-- Material shown follows --

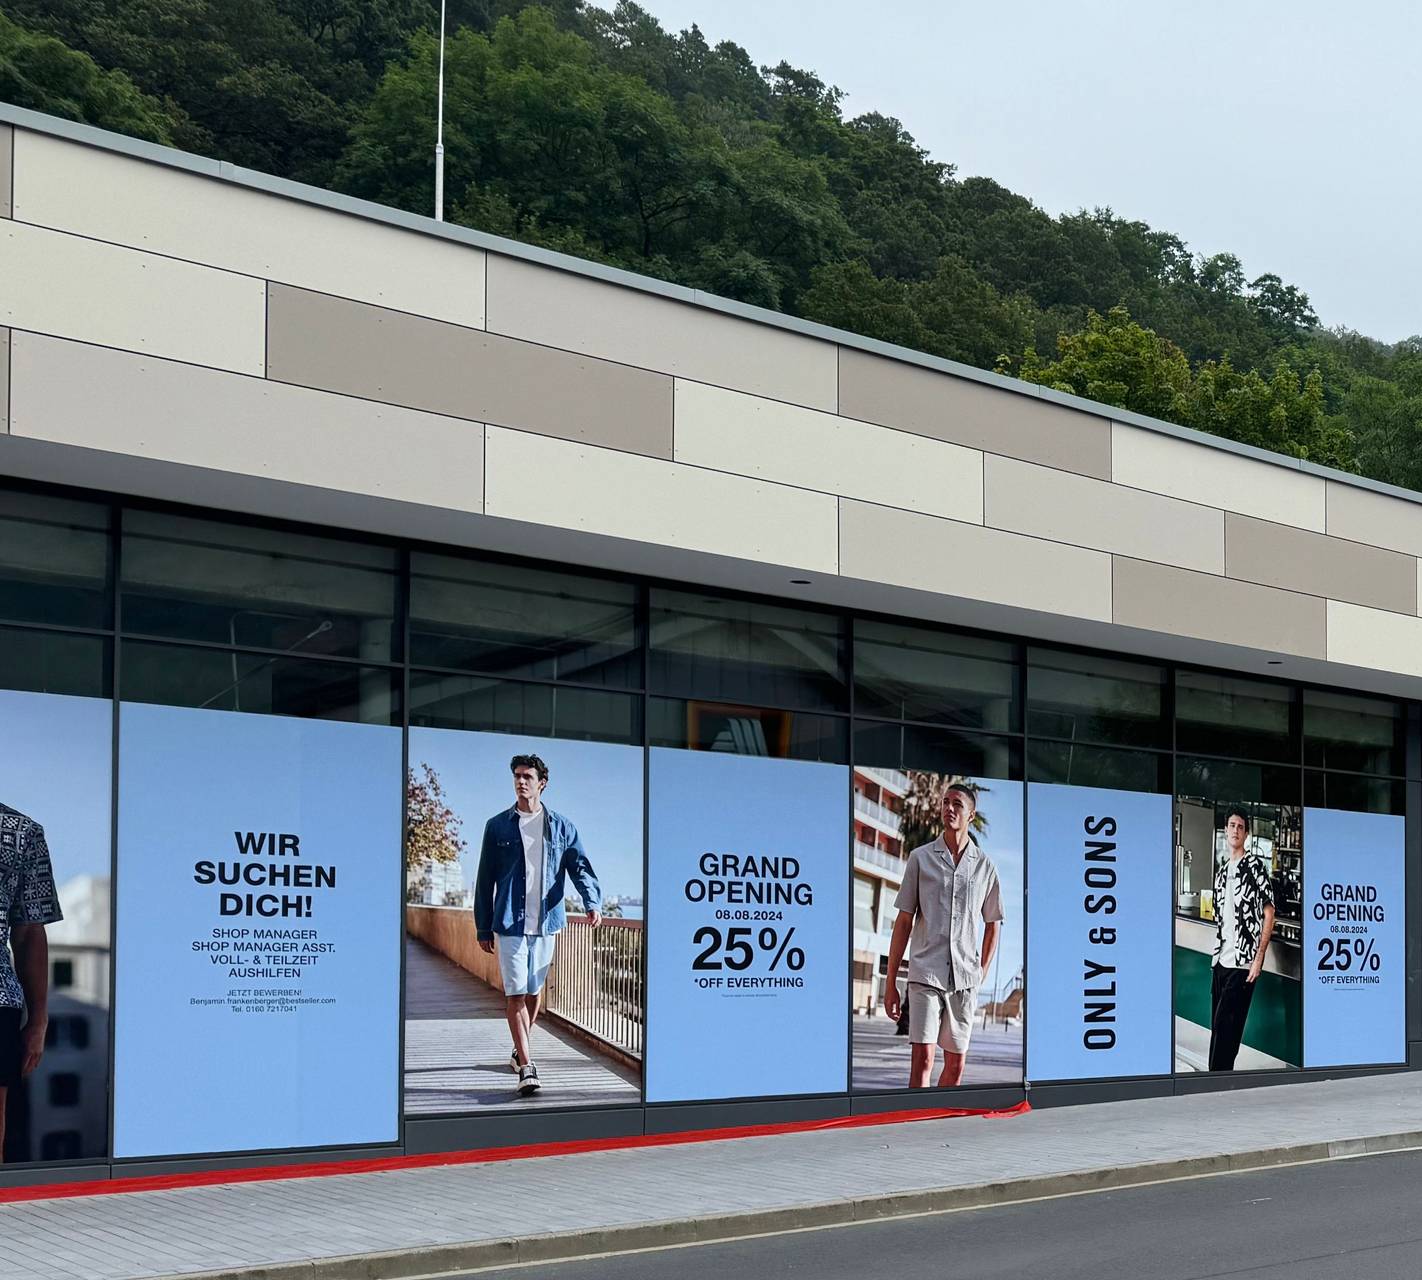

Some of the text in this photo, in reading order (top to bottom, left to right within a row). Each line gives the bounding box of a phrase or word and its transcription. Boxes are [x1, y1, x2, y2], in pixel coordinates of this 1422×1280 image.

[234, 831, 300, 857] WIR
[699, 853, 800, 880] GRAND
[194, 861, 336, 888] SUCHEN
[684, 878, 814, 906] OPENING
[1321, 883, 1377, 903] GRAND
[220, 893, 312, 918] DICH!
[1313, 903, 1385, 922] OPENING
[715, 909, 783, 921] 08.08.2024
[212, 928, 318, 940] SHOP MANAGER
[1083, 815, 1117, 1050] ONLY & SONS
[1330, 925, 1368, 934] 08.08.2024
[191, 941, 336, 953] SHOP MANAGER ASST.
[691, 926, 805, 972] 25%
[210, 955, 319, 965] VOLL- & TEILZEIT
[1318, 938, 1381, 972] 25%
[228, 968, 301, 978] AUSHILFEN
[1336, 975, 1380, 984] EVERYTHING
[727, 977, 804, 988] EVERYTHING
[253, 989, 302, 997] BEWERBEN!
[231, 1005, 243, 1013] Tel.
[246, 1005, 265, 1013] 0160
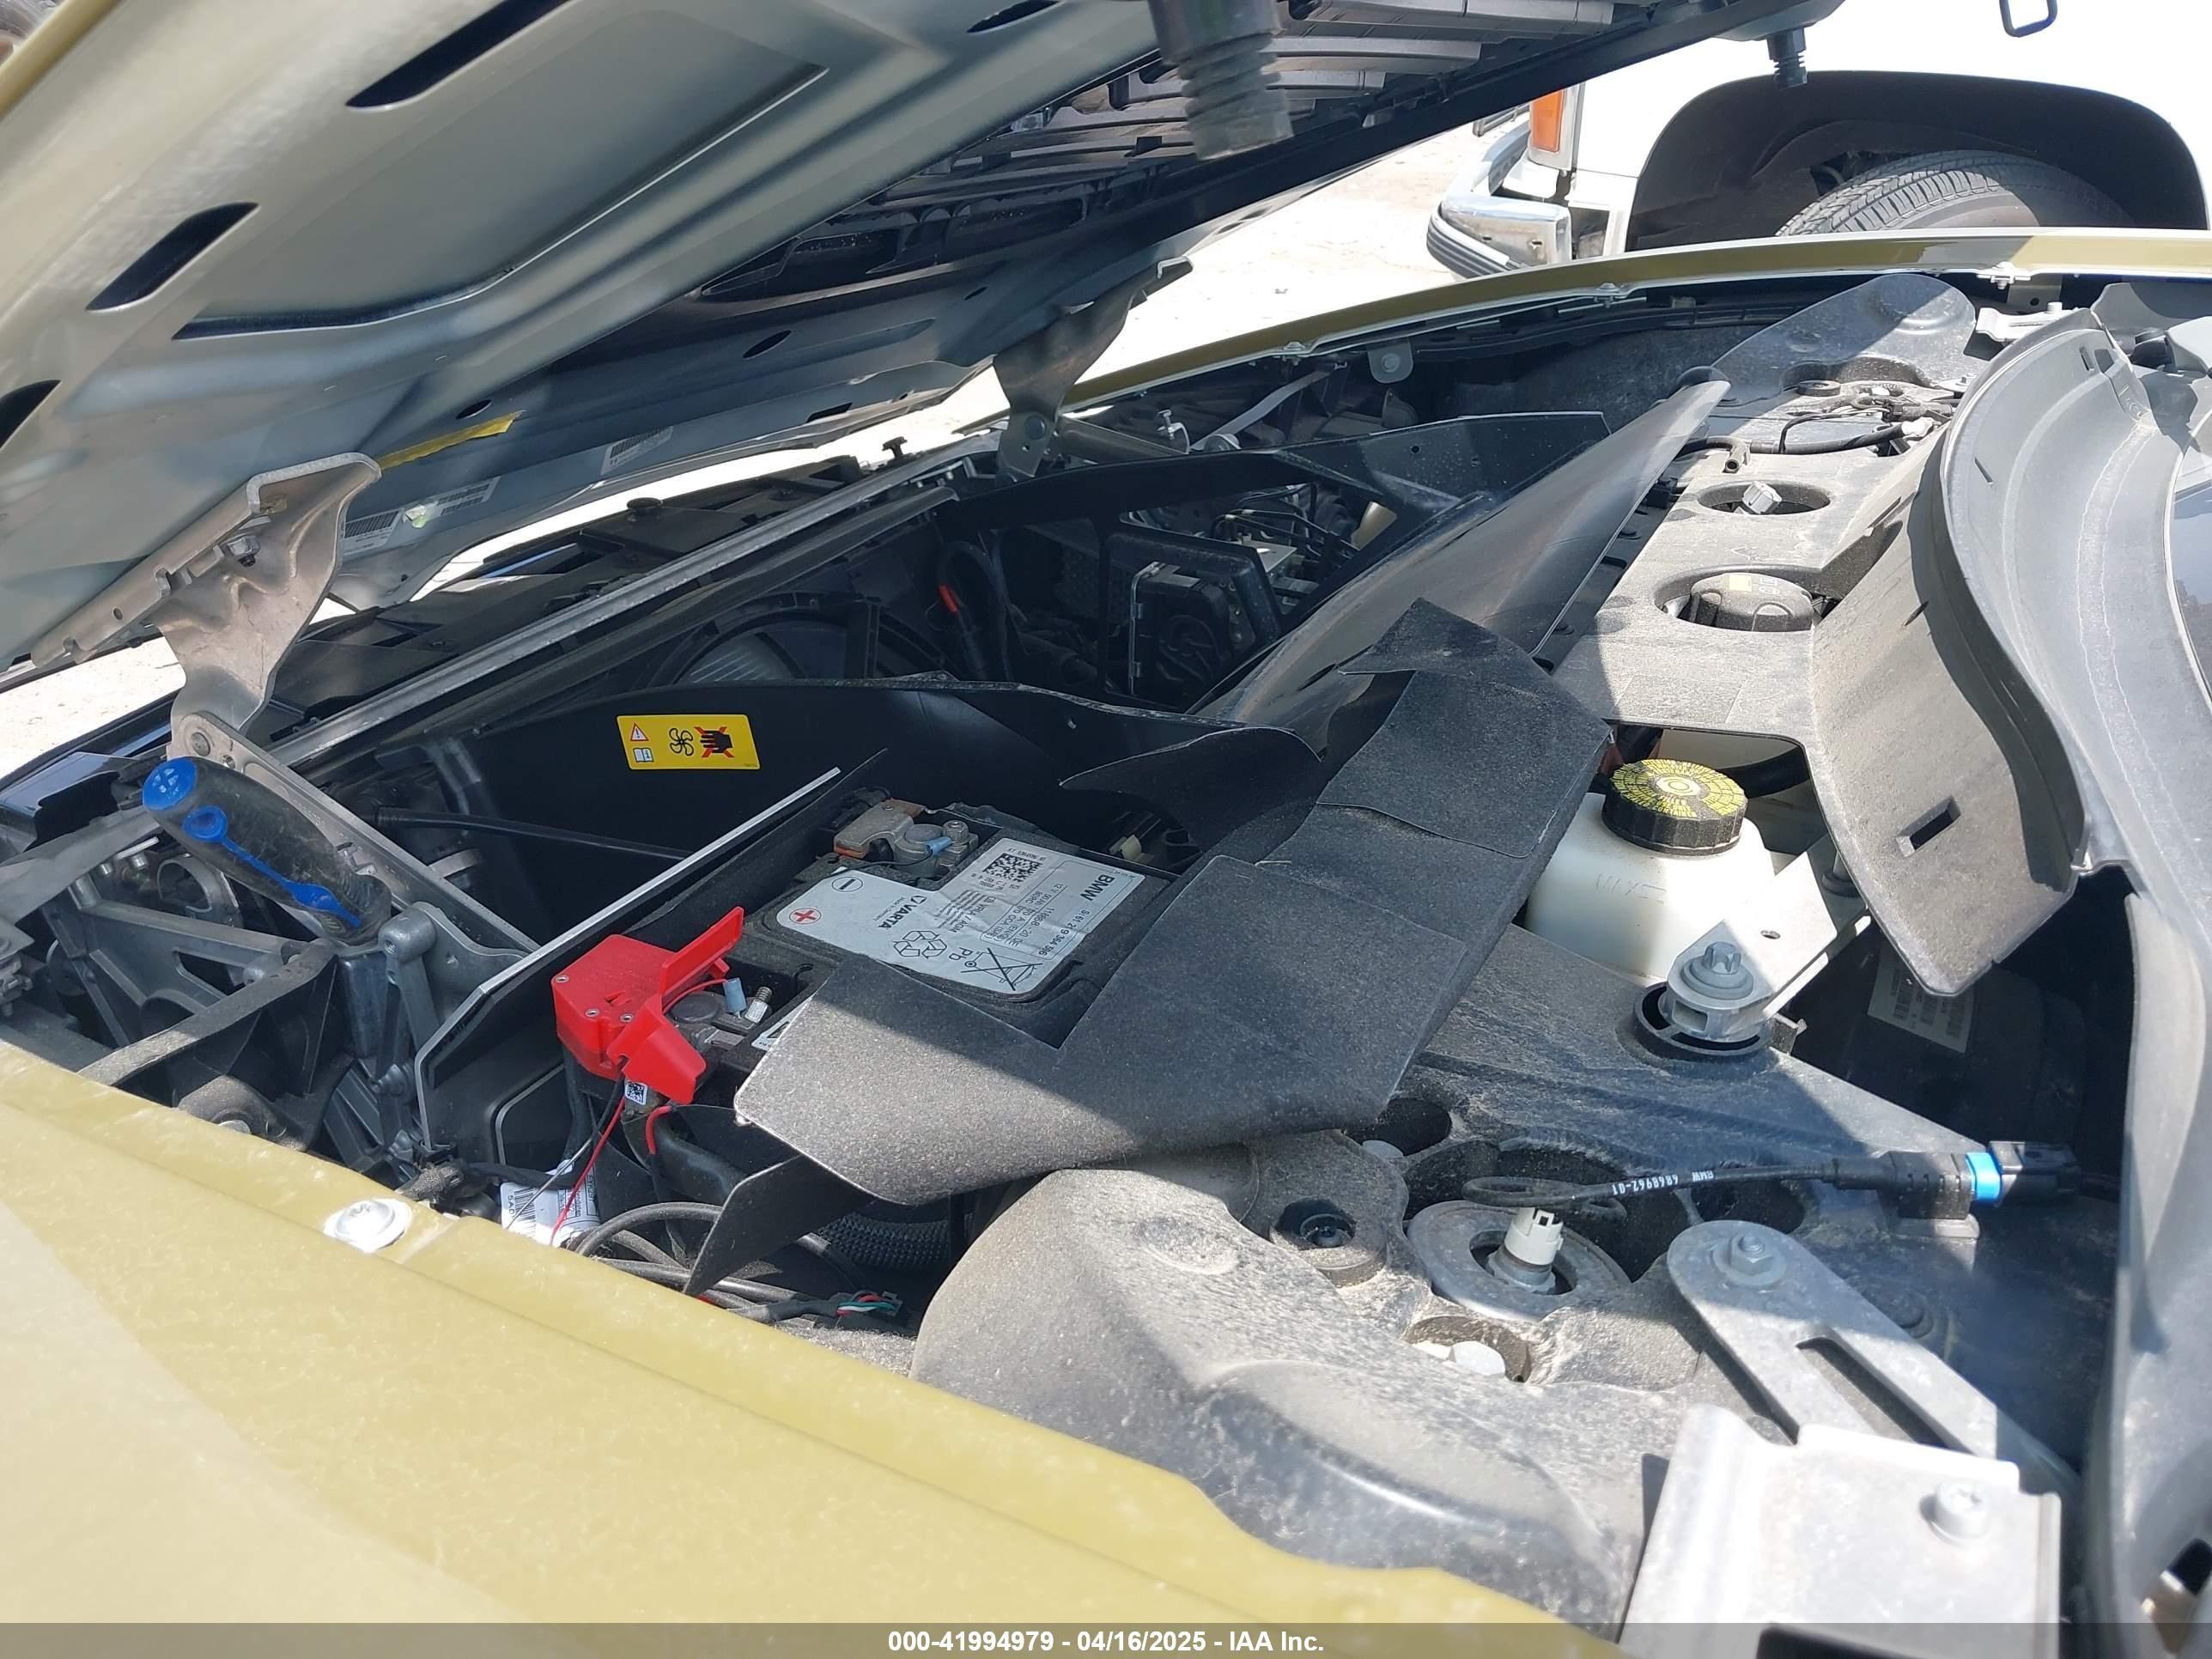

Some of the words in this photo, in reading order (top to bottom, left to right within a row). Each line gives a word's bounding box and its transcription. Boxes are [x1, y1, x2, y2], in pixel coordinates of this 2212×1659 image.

[1080, 874, 1115, 902] BMW
[877, 903, 917, 928] VARTA
[949, 946, 974, 961] Pb
[1611, 1173, 1679, 1196] 6868962-01
[1692, 1170, 1715, 1182] BMW

-- Material shown concluded --

Work instructions — Leaving every image behind, repeat the data in full and exactly.

Response area —
Some of the text in this photo, in reading order (top to bottom, left to right within a row). Each line gives the bounding box of a phrase or word and its transcription. Boxes are [x1, y1, x2, y2], in pixel coordinates of this 1422×1280 image.

[234, 831, 300, 857] WIR
[699, 853, 800, 880] GRAND
[194, 861, 336, 888] SUCHEN
[684, 878, 814, 906] OPENING
[1321, 883, 1377, 903] GRAND
[220, 893, 312, 918] DICH!
[1313, 903, 1385, 922] OPENING
[715, 909, 783, 921] 08.08.2024
[212, 928, 318, 940] SHOP MANAGER
[1083, 815, 1117, 1050] ONLY & SONS
[1330, 925, 1368, 934] 08.08.2024
[191, 941, 336, 953] SHOP MANAGER ASST.
[691, 926, 805, 972] 25%
[210, 955, 319, 965] VOLL- & TEILZEIT
[1318, 938, 1381, 972] 25%
[228, 968, 301, 978] AUSHILFEN
[1336, 975, 1380, 984] EVERYTHING
[727, 977, 804, 988] EVERYTHING
[253, 989, 302, 997] BEWERBEN!
[231, 1005, 243, 1013] Tel.
[246, 1005, 265, 1013] 0160

Some of the words in this photo, in reading order (top to bottom, left to right within a row). Each line gives a word's bounding box and its transcription. Boxes are [x1, y1, x2, y2], in pixel coordinates of this 2212×1659 image.

[1080, 874, 1115, 902] BMW
[877, 903, 917, 928] VARTA
[949, 946, 974, 961] Pb
[1611, 1173, 1679, 1196] 6868962-01
[1692, 1170, 1715, 1182] BMW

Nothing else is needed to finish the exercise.